What does Veeky Forums think of Edgar Allan Poe?

I dispise poetry but he's cool

I was thinking about the Cask of Amontillado recently; and how prophetic it was that I read it in 8th grade; and how it turned out to become a metaphor for my life.

go on, faggot

You got a nice cellar?

idk. it could just be a jewish thing?
i def wouldn't go into it online.
maybe set up a date if u really want 2 know ;p

I love him so much, but I'm extremely biased.

He's so masterful in his writing. He's the best example of the American romantic in a commercial sense, yet still manages to stand the test of time as a passionate and wonderful author.

I have a cellar full of Perrier, Hesse, & Dreaming Tree.

This is one of the worst posts I have ever seen.

leave this place and never return

was he a spook?

I just don't like (most) poetry. I don't find it enjoyable.

He was quite based and he lived a tragic meme live. He was quite Veeky Forums. He would have been a Veeky Forums poster if it had existed back then.
RIP.

He's underrated because the high schools got a hold of him. He invented the police procedural, and was credited by Conan Doyle for inspiring Sherlock Holmes, and also by Dostoevsky for Crime and Punishment. There is a direct line of descent from Poe to Raymond Chandler. He's kind of the Forest Gump of literature, everywhere something big happens he's nearby, figuratively. The macabre is what they teach in the schools, and it's a shame, because he was a talented stylist and psychological manipulator. Rue Morgue is really his signature piece, and the essay about the Imp of the Perverse, which is good an analysis of evil as
English has to offer, and which accurately describes the impulsiveness of suicide a hundred and 80 years before the psychologists bore him out.

What do you mean by psychological "manipulator"?

He had a canny sense of what to withhold. And an imagination deployed with mischief. He once told a newspaper reporter a story about crossing the Atlantic in a hot air balloon. Long story, lots of events and details. Hot air balloons existed, but he'd never been on one, and he made up the story on the spot. The reporter published it as a true adventure tale, and it took weeks to figure out it never happened.

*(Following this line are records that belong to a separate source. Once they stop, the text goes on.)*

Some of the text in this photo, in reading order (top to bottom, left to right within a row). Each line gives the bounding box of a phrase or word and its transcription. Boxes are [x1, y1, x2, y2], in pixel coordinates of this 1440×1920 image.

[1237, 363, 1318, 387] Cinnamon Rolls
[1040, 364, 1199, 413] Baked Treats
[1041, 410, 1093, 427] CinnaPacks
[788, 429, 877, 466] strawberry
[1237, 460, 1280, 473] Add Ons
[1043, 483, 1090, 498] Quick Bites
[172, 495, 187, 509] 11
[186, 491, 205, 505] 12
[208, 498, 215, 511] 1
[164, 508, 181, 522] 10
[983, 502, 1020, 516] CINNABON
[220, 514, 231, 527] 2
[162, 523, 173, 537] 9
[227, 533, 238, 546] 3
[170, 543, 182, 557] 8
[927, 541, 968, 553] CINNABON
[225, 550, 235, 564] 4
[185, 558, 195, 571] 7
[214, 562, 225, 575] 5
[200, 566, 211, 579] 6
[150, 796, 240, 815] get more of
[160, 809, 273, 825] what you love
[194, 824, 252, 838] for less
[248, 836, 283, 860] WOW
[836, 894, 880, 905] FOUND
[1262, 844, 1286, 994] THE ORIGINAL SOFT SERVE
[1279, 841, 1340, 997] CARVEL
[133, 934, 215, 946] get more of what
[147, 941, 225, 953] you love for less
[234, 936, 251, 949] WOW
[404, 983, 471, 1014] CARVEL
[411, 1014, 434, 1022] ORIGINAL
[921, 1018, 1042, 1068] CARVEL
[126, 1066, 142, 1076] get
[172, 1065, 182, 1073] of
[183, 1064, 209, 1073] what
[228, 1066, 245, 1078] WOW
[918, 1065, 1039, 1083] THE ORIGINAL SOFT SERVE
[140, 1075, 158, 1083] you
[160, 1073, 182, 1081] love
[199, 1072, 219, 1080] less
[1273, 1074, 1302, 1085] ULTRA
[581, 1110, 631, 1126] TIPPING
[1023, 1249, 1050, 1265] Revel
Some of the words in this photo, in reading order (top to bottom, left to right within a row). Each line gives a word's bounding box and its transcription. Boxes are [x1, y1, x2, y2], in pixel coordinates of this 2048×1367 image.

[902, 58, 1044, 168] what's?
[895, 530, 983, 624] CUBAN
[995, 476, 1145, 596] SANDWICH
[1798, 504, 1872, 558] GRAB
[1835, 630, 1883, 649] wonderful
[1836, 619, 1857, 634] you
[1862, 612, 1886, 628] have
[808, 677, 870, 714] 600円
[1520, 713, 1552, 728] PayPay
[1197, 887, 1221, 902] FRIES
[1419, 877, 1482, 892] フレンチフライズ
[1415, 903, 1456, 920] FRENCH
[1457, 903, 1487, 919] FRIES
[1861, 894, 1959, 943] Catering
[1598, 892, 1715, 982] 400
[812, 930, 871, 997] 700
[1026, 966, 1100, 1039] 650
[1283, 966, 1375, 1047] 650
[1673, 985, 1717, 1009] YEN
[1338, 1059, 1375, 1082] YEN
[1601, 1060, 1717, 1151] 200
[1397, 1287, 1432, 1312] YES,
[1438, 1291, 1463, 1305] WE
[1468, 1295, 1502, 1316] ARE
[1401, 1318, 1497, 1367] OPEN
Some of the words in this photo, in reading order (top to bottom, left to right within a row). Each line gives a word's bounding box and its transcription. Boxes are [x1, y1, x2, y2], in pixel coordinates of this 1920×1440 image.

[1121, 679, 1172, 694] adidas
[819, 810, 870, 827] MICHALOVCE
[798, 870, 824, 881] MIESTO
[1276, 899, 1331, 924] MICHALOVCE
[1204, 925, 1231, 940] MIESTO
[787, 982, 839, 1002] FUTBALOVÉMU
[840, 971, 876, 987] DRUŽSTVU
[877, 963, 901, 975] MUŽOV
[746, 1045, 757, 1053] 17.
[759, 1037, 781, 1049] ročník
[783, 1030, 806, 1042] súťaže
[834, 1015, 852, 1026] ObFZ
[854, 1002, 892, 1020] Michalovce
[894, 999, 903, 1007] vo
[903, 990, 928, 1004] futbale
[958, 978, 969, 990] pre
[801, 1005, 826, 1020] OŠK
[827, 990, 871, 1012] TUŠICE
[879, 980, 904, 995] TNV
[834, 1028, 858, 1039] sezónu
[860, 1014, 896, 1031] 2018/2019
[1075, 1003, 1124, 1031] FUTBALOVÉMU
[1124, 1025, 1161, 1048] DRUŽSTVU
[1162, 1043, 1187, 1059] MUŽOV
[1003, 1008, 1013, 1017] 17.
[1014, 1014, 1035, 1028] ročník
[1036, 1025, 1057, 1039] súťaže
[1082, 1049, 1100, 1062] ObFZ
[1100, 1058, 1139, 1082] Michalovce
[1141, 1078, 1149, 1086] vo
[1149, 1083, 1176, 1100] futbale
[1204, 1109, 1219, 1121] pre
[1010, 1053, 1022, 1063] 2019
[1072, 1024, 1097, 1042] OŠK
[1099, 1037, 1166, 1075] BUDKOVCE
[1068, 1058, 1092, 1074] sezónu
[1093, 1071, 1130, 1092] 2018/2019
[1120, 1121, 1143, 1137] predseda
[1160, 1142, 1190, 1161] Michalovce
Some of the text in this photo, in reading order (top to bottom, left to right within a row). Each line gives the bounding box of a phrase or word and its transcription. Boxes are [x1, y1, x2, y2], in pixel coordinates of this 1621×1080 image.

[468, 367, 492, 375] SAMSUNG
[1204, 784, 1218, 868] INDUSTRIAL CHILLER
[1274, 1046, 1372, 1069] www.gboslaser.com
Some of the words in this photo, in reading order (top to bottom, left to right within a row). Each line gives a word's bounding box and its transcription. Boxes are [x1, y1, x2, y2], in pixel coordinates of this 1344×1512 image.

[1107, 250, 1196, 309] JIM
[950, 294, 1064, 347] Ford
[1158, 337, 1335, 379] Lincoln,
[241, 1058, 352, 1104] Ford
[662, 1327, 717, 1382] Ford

Even in a high school anthol-er like Amontillado, when he describes the cellar as haunted by the spirits of the dead family of the neighbor, its an interesting psychological insight that the narrator's mind is haunted by the same spirits.

Go looking for them, and Poe's insights into mind and behavior, and manipulating a reader by concealment and misdirection are everywhere.

I think I understand you here. Thanks a lot for the elaboration. I'll be sure to keep it in mind when I read Poe in a couple months.

Interesting, ballsy, experimental (even when it fell flat), and it's regrettable he didn't live to really refine his output. He doesn't deserve the petulant fanbase he has.

I've only read a few of his short stories and poems. I really enjoyed The Fall of the House of Usher, but in general I'm a little jaded by the gothic aesthetic so I probably don't appreciate his stuff as much as I should

pity his liver. He speculated, back when virtually no one else did, that there is darkness between the stars on the night sky only because the light from further, more distant stars has not yet reached our planet. I somehow did not expect such a heartwarming thought from him.

No ambitious works.

Mostly a shit author, but he did write a dozen or so really really great things.

tfw you listened to Eminem once.

When I read him in highschool I liked him

I've only read some of his poems and they were cringeworthily bad. Terrible. I'm not American, so I understand his stories are more acclaimed.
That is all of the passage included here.